(Saved entries)

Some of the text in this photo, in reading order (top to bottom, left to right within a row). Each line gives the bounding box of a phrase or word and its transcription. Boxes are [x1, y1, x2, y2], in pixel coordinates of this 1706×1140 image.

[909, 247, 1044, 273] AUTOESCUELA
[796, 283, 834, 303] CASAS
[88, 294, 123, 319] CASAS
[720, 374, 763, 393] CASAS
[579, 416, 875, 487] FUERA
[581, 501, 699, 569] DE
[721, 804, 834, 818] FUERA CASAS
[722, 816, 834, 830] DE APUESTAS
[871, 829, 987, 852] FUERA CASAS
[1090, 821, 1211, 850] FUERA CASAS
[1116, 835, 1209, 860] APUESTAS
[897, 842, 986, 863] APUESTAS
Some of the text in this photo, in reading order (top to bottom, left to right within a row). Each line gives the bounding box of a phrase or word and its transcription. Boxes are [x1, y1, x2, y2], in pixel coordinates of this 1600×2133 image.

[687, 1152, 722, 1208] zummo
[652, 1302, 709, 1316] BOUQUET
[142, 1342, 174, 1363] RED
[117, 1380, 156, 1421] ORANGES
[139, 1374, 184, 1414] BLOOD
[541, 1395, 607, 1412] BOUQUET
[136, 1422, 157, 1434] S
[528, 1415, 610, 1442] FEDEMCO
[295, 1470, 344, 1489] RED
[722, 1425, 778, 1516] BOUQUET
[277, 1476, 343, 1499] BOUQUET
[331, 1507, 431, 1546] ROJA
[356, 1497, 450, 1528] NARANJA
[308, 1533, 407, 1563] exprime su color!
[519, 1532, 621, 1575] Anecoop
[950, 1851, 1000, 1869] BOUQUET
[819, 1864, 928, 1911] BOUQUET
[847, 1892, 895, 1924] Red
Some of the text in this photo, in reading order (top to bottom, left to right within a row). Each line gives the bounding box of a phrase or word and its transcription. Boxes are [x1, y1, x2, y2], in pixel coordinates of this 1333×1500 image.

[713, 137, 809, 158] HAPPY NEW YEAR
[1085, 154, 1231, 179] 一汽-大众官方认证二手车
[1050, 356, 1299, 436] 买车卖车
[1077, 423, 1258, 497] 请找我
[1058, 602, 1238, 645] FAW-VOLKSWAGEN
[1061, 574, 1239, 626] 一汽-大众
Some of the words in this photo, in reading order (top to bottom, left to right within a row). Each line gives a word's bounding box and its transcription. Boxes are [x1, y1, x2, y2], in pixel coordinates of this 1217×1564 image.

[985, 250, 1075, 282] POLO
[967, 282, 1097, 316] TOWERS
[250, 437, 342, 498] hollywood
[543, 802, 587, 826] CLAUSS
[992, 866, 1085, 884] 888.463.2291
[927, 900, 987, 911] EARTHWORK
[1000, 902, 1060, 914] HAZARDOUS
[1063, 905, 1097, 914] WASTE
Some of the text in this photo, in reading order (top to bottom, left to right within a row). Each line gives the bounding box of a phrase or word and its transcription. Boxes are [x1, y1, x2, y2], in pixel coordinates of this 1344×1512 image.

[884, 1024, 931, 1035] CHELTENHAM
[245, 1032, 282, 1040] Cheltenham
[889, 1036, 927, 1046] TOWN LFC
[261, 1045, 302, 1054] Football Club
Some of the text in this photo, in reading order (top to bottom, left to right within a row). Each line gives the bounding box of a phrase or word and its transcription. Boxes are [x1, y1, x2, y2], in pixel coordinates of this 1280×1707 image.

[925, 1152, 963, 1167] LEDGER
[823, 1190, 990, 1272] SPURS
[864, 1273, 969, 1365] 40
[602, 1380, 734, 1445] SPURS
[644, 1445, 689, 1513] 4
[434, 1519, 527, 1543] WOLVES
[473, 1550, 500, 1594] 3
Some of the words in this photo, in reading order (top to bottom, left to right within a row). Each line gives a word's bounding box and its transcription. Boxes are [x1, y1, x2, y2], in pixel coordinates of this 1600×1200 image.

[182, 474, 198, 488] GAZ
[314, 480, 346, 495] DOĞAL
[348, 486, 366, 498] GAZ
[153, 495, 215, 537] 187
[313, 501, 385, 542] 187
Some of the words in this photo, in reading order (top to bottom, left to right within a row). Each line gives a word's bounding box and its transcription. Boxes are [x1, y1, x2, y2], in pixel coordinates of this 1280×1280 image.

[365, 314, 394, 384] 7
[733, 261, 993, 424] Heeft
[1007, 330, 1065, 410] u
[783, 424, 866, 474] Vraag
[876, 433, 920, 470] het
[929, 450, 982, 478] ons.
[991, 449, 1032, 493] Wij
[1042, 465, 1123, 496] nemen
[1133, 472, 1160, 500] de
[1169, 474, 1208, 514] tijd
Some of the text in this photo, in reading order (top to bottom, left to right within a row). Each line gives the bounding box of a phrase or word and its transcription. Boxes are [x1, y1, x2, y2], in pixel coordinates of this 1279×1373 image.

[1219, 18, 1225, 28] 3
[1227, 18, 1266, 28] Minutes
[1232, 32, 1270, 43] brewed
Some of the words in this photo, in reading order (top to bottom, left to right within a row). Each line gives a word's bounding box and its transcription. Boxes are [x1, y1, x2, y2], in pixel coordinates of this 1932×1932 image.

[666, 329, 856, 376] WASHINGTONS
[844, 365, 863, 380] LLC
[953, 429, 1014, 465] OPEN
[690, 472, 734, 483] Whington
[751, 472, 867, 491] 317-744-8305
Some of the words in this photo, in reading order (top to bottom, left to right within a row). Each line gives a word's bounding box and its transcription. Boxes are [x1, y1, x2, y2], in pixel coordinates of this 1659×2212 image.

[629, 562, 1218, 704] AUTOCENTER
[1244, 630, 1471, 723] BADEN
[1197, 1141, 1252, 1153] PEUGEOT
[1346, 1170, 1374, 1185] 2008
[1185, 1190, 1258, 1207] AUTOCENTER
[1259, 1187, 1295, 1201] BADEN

### [Required action]
Return each line of the data above verbatim.

### [Problem solution]
Some of the text in this photo, in reading order (top to bottom, left to right within a row). Each line gives the bounding box of a phrase or word and its transcription. Boxes are [x1, y1, x2, y2], in pixel coordinates of this 1706×1140 image.

[909, 247, 1044, 273] AUTOESCUELA
[796, 283, 834, 303] CASAS
[88, 294, 123, 319] CASAS
[720, 374, 763, 393] CASAS
[579, 416, 875, 487] FUERA
[581, 501, 699, 569] DE
[721, 804, 834, 818] FUERA CASAS
[722, 816, 834, 830] DE APUESTAS
[871, 829, 987, 852] FUERA CASAS
[1090, 821, 1211, 850] FUERA CASAS
[1116, 835, 1209, 860] APUESTAS
[897, 842, 986, 863] APUESTAS
Some of the text in this photo, in reading order (top to bottom, left to right within a row). Each line gives the bounding box of a phrase or word and its transcription. Boxes are [x1, y1, x2, y2], in pixel coordinates of this 1600×2133 image.

[687, 1152, 722, 1208] zummo
[652, 1302, 709, 1316] BOUQUET
[142, 1342, 174, 1363] RED
[117, 1380, 156, 1421] ORANGES
[139, 1374, 184, 1414] BLOOD
[541, 1395, 607, 1412] BOUQUET
[136, 1422, 157, 1434] S
[528, 1415, 610, 1442] FEDEMCO
[295, 1470, 344, 1489] RED
[722, 1425, 778, 1516] BOUQUET
[277, 1476, 343, 1499] BOUQUET
[331, 1507, 431, 1546] ROJA
[356, 1497, 450, 1528] NARANJA
[308, 1533, 407, 1563] exprime su color!
[519, 1532, 621, 1575] Anecoop
[950, 1851, 1000, 1869] BOUQUET
[819, 1864, 928, 1911] BOUQUET
[847, 1892, 895, 1924] Red
Some of the text in this photo, in reading order (top to bottom, left to right within a row). Each line gives the bounding box of a phrase or word and its transcription. Boxes are [x1, y1, x2, y2], in pixel coordinates of this 1333×1500 image.

[713, 137, 809, 158] HAPPY NEW YEAR
[1085, 154, 1231, 179] 一汽-大众官方认证二手车
[1050, 356, 1299, 436] 买车卖车
[1077, 423, 1258, 497] 请找我
[1058, 602, 1238, 645] FAW-VOLKSWAGEN
[1061, 574, 1239, 626] 一汽-大众
Some of the words in this photo, in reading order (top to bottom, left to right within a row). Each line gives a word's bounding box and its transcription. Boxes are [x1, y1, x2, y2], in pixel coordinates of this 1217×1564 image.

[985, 250, 1075, 282] POLO
[967, 282, 1097, 316] TOWERS
[250, 437, 342, 498] hollywood
[543, 802, 587, 826] CLAUSS
[992, 866, 1085, 884] 888.463.2291
[927, 900, 987, 911] EARTHWORK
[1000, 902, 1060, 914] HAZARDOUS
[1063, 905, 1097, 914] WASTE
Some of the text in this photo, in reading order (top to bottom, left to right within a row). Each line gives the bounding box of a phrase or word and its transcription. Boxes are [x1, y1, x2, y2], in pixel coordinates of this 1344×1512 image.

[884, 1024, 931, 1035] CHELTENHAM
[245, 1032, 282, 1040] Cheltenham
[889, 1036, 927, 1046] TOWN LFC
[261, 1045, 302, 1054] Football Club
Some of the text in this photo, in reading order (top to bottom, left to right within a row). Each line gives the bounding box of a phrase or word and its transcription. Boxes are [x1, y1, x2, y2], in pixel coordinates of this 1280×1707 image.

[925, 1152, 963, 1167] LEDGER
[823, 1190, 990, 1272] SPURS
[864, 1273, 969, 1365] 40
[602, 1380, 734, 1445] SPURS
[644, 1445, 689, 1513] 4
[434, 1519, 527, 1543] WOLVES
[473, 1550, 500, 1594] 3
Some of the words in this photo, in reading order (top to bottom, left to right within a row). Each line gives a word's bounding box and its transcription. Boxes are [x1, y1, x2, y2], in pixel coordinates of this 1600×1200 image.

[182, 474, 198, 488] GAZ
[314, 480, 346, 495] DOĞAL
[348, 486, 366, 498] GAZ
[153, 495, 215, 537] 187
[313, 501, 385, 542] 187
Some of the words in this photo, in reading order (top to bottom, left to right within a row). Each line gives a word's bounding box and its transcription. Boxes are [x1, y1, x2, y2], in pixel coordinates of this 1280×1280 image.

[365, 314, 394, 384] 7
[733, 261, 993, 424] Heeft
[1007, 330, 1065, 410] u
[783, 424, 866, 474] Vraag
[876, 433, 920, 470] het
[929, 450, 982, 478] ons.
[991, 449, 1032, 493] Wij
[1042, 465, 1123, 496] nemen
[1133, 472, 1160, 500] de
[1169, 474, 1208, 514] tijd
Some of the text in this photo, in reading order (top to bottom, left to right within a row). Each line gives the bounding box of a phrase or word and its transcription. Boxes are [x1, y1, x2, y2], in pixel coordinates of this 1279×1373 image.

[1219, 18, 1225, 28] 3
[1227, 18, 1266, 28] Minutes
[1232, 32, 1270, 43] brewed
Some of the words in this photo, in reading order (top to bottom, left to right within a row). Each line gives a word's bounding box and its transcription. Boxes are [x1, y1, x2, y2], in pixel coordinates of this 1932×1932 image.

[666, 329, 856, 376] WASHINGTONS
[844, 365, 863, 380] LLC
[953, 429, 1014, 465] OPEN
[690, 472, 734, 483] Whington
[751, 472, 867, 491] 317-744-8305
Some of the words in this photo, in reading order (top to bottom, left to right within a row). Each line gives a word's bounding box and its transcription. Boxes are [x1, y1, x2, y2], in pixel coordinates of this 1659×2212 image.

[629, 562, 1218, 704] AUTOCENTER
[1244, 630, 1471, 723] BADEN
[1197, 1141, 1252, 1153] PEUGEOT
[1346, 1170, 1374, 1185] 2008
[1185, 1190, 1258, 1207] AUTOCENTER
[1259, 1187, 1295, 1201] BADEN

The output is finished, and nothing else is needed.